TASK TO COMPLETE:
Could you please retype the records exactly, minus their pictures?

********************

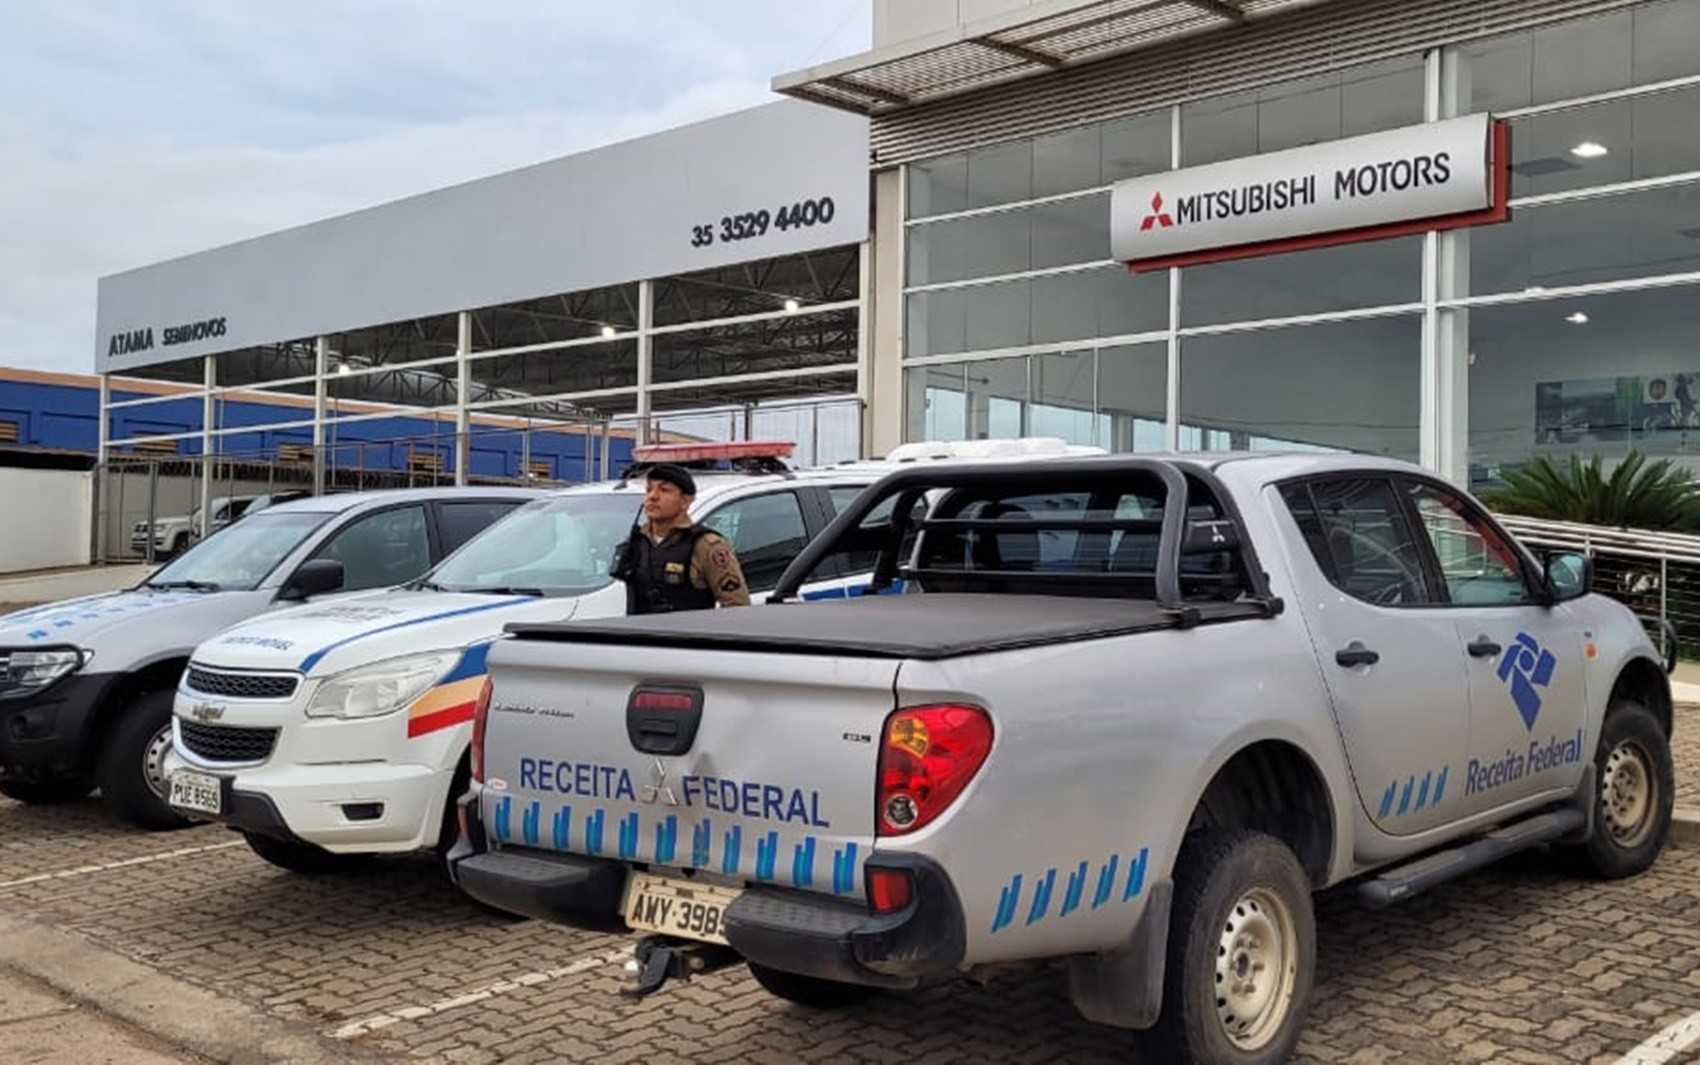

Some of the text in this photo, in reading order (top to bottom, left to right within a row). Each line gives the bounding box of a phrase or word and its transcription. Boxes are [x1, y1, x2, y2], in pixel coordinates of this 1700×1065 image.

[691, 196, 835, 247] 35 3529 4400
[1177, 152, 1450, 225] MITSUBISHI MOTORS
[108, 316, 227, 357] ATAMA SEMINOVOS
[520, 757, 830, 828] RECEITA FEDERAL
[1464, 727, 1583, 797] Receita Federal

********************

WRITTEN ANSWER:
Some of the text in this photo, in reading order (top to bottom, left to right within a row). Each line gives the bounding box of a phrase or word and its transcription. Boxes are [x1, y1, x2, y2], in pixel coordinates of this 1700×1065 image.

[691, 196, 835, 247] 35 3529 4400
[1177, 152, 1450, 225] MITSUBISHI MOTORS
[108, 316, 227, 357] ATAMA SEMINOVOS
[520, 757, 830, 828] RECEITA FEDERAL
[1464, 727, 1583, 797] Receita Federal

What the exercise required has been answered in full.